WHAT YOU ARE ASKED TO DO >>
What is needed is an exact reproduction of the listing, without its pictures.

_ _ _

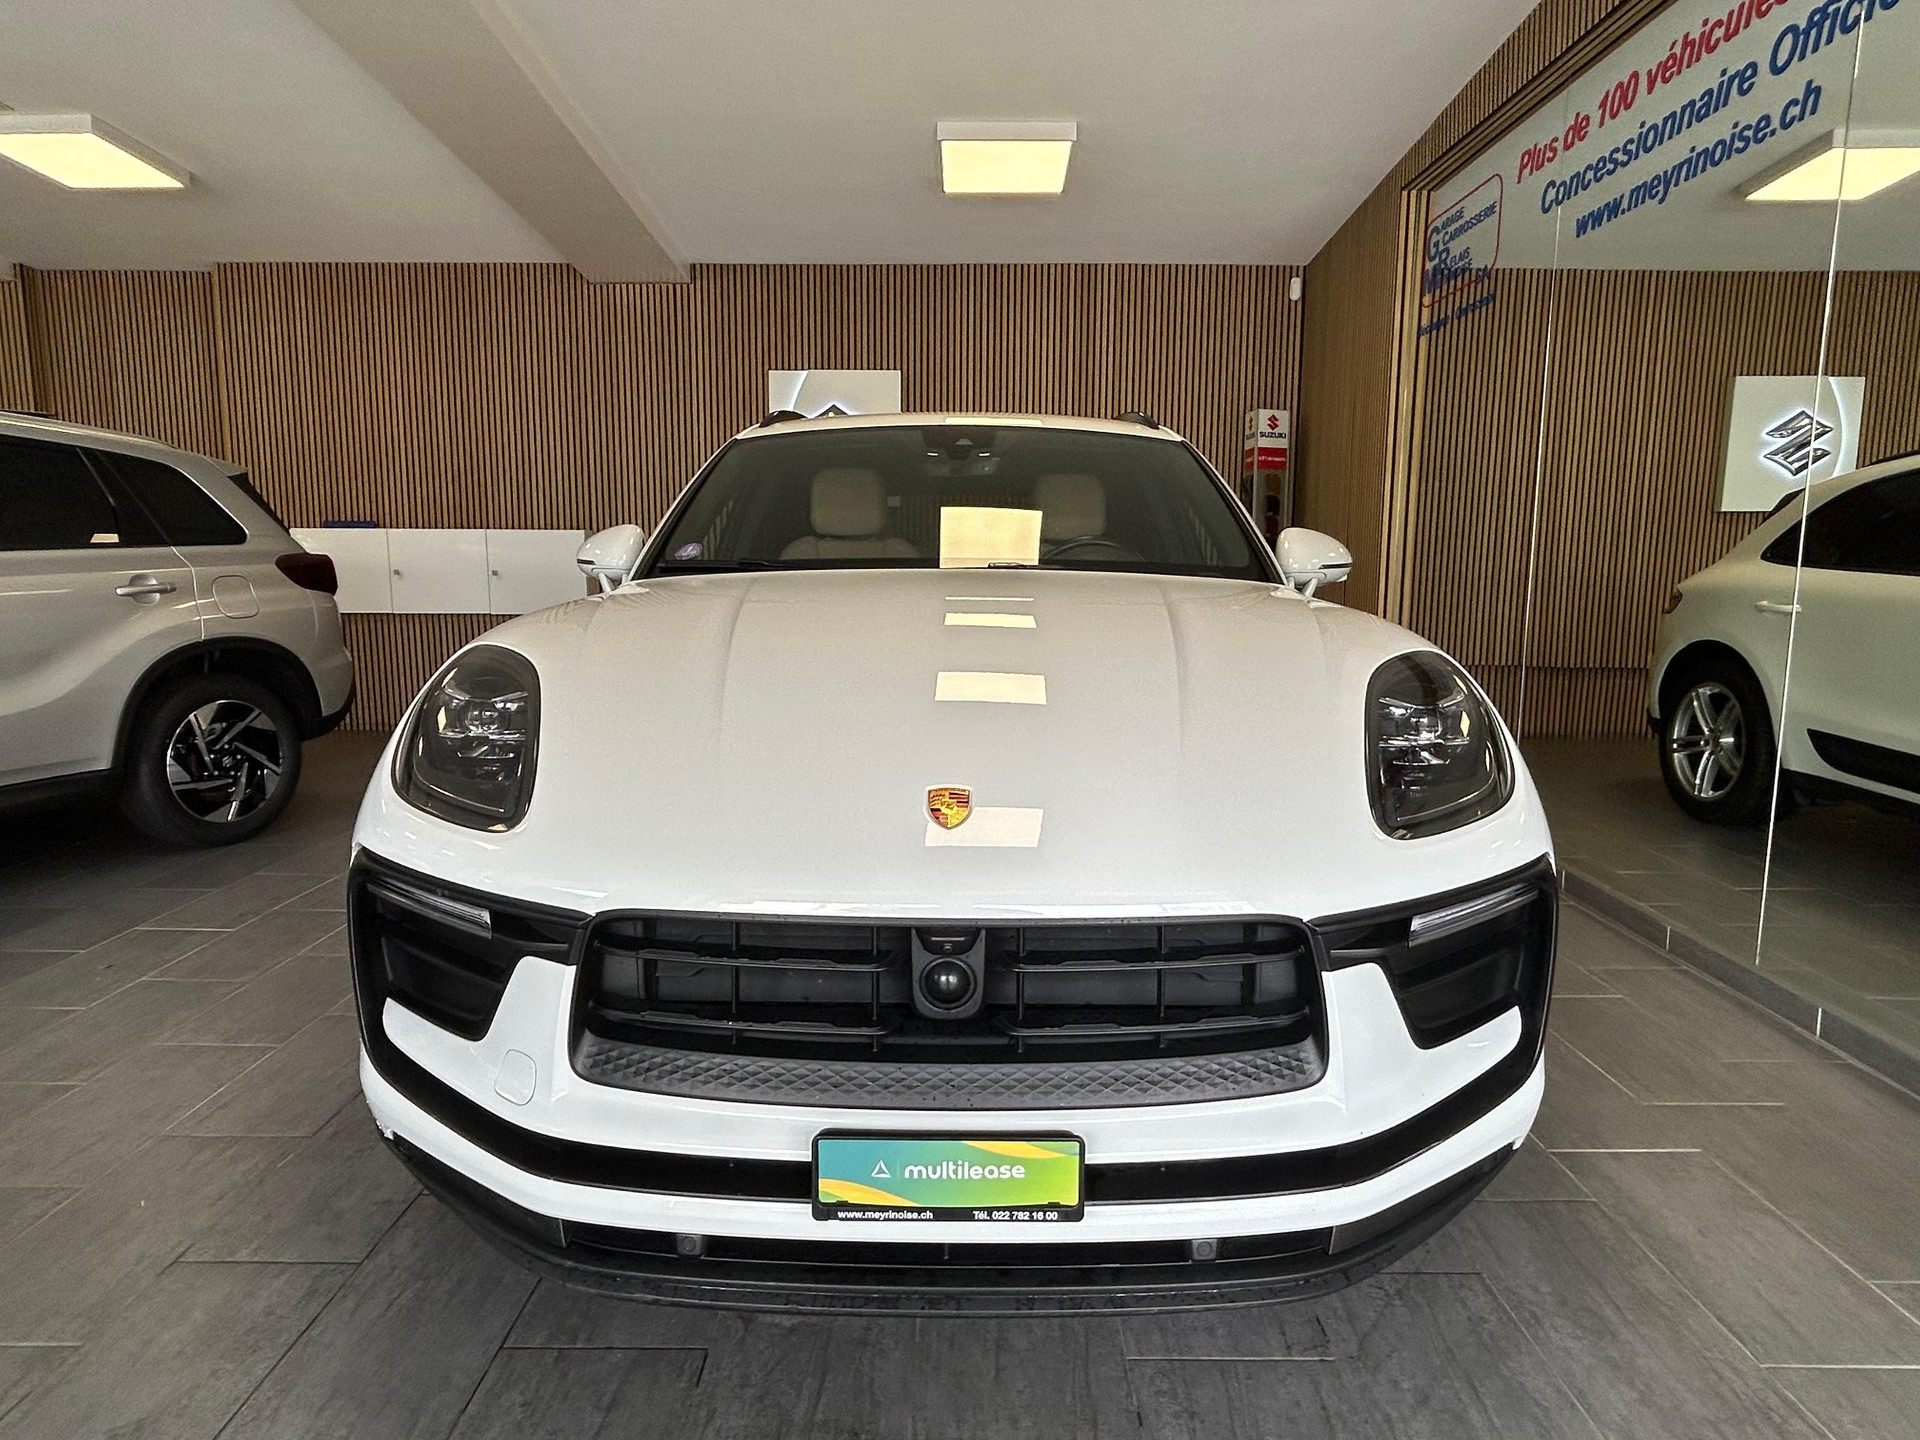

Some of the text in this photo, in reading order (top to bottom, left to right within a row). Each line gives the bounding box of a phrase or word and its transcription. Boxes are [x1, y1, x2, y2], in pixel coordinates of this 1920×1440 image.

[1517, 136, 1559, 184] Plus
[1563, 112, 1591, 151] de
[1598, 70, 1640, 129] 100
[1541, 60, 1758, 214] Concessionnaire
[1575, 79, 1822, 238] www.meyrinoise.ch
[1259, 431, 1287, 440] SUZUKI
[904, 1160, 1026, 1180] multilease
[837, 1210, 1059, 1220] www.meyrinoise.ch Tél. 022 782 16 00
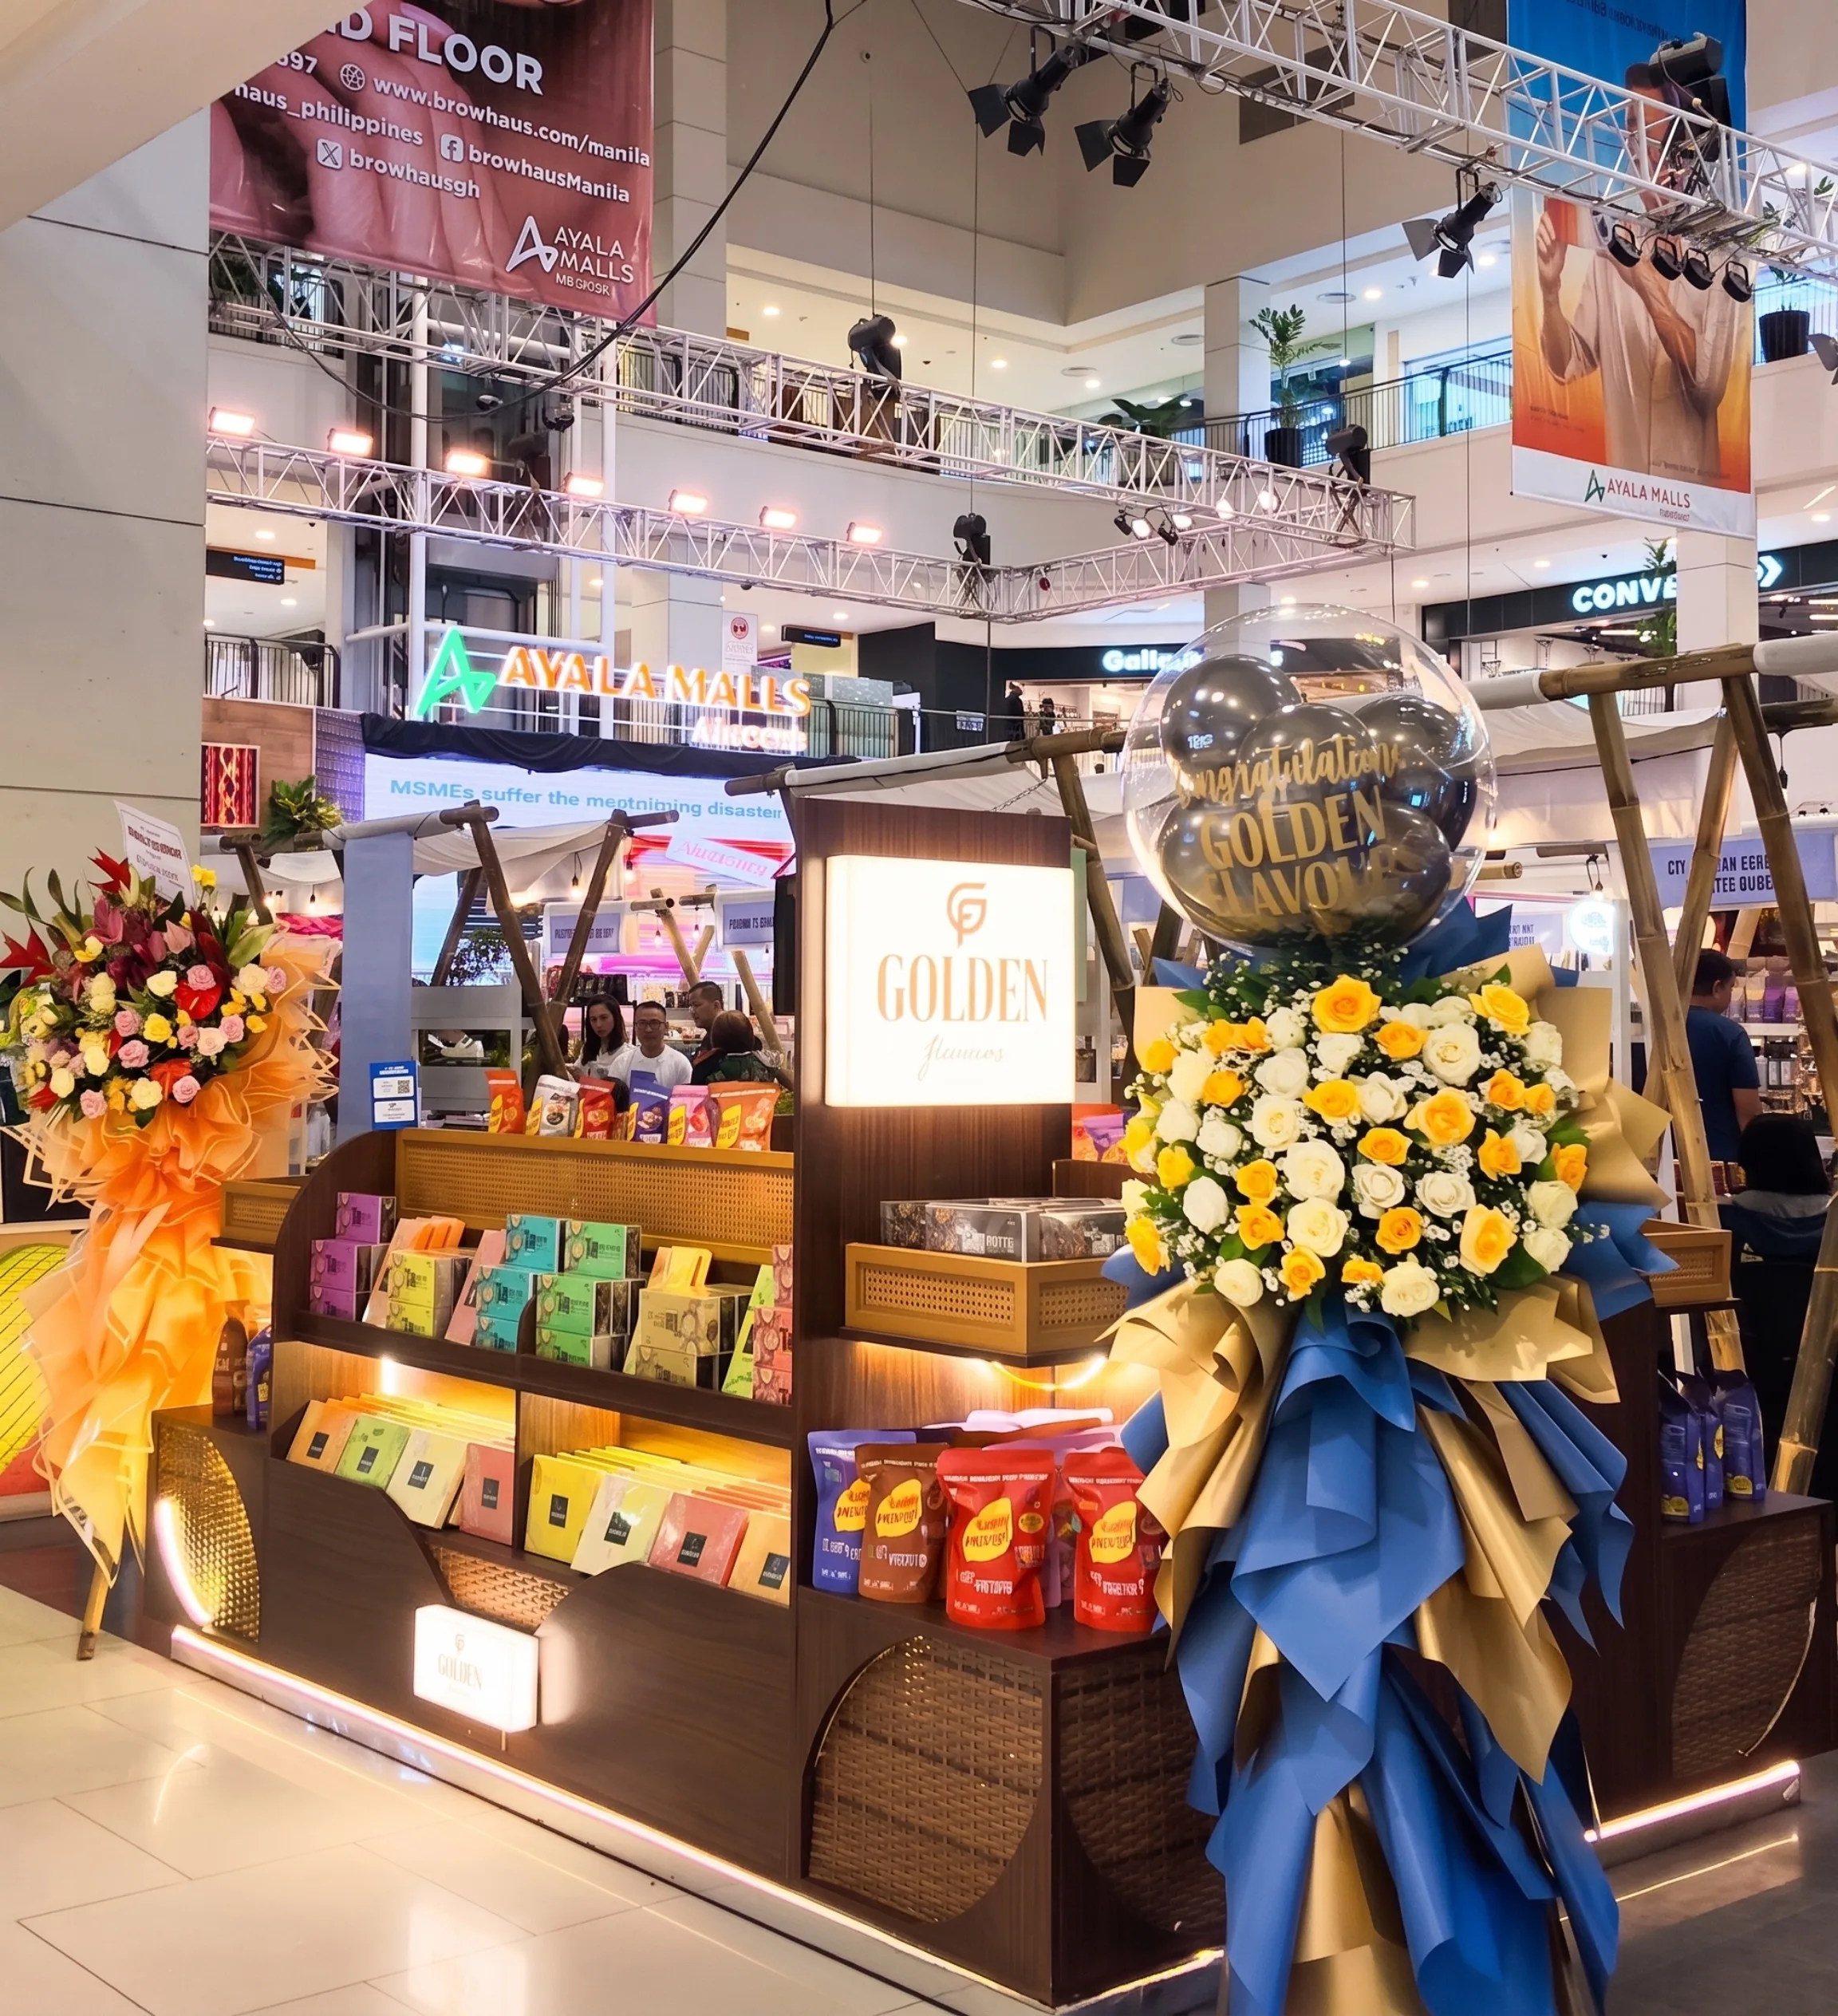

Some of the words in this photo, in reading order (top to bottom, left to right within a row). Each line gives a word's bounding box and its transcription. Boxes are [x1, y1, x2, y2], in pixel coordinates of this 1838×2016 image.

_ _ _

RESPONSE TO THE TASK >>
Some of the text in this photo, in reading order (top to bottom, left to right within a row). Each line gives the bounding box of a phrase or word and its transcription. Boxes are [x1, y1, x2, y2], in pixel coordinates of this 1920×1440 image.

[1517, 136, 1559, 184] Plus
[1563, 112, 1591, 151] de
[1598, 70, 1640, 129] 100
[1541, 60, 1758, 214] Concessionnaire
[1575, 79, 1822, 238] www.meyrinoise.ch
[1259, 431, 1287, 440] SUZUKI
[904, 1160, 1026, 1180] multilease
[837, 1210, 1059, 1220] www.meyrinoise.ch Tél. 022 782 16 00

Some of the words in this photo, in reading order (top to bottom, left to right within a row). Each line gives a word's bounding box and its transcription. Boxes are [x1, y1, x2, y2], in pixel coordinates of this 1838×2016 image.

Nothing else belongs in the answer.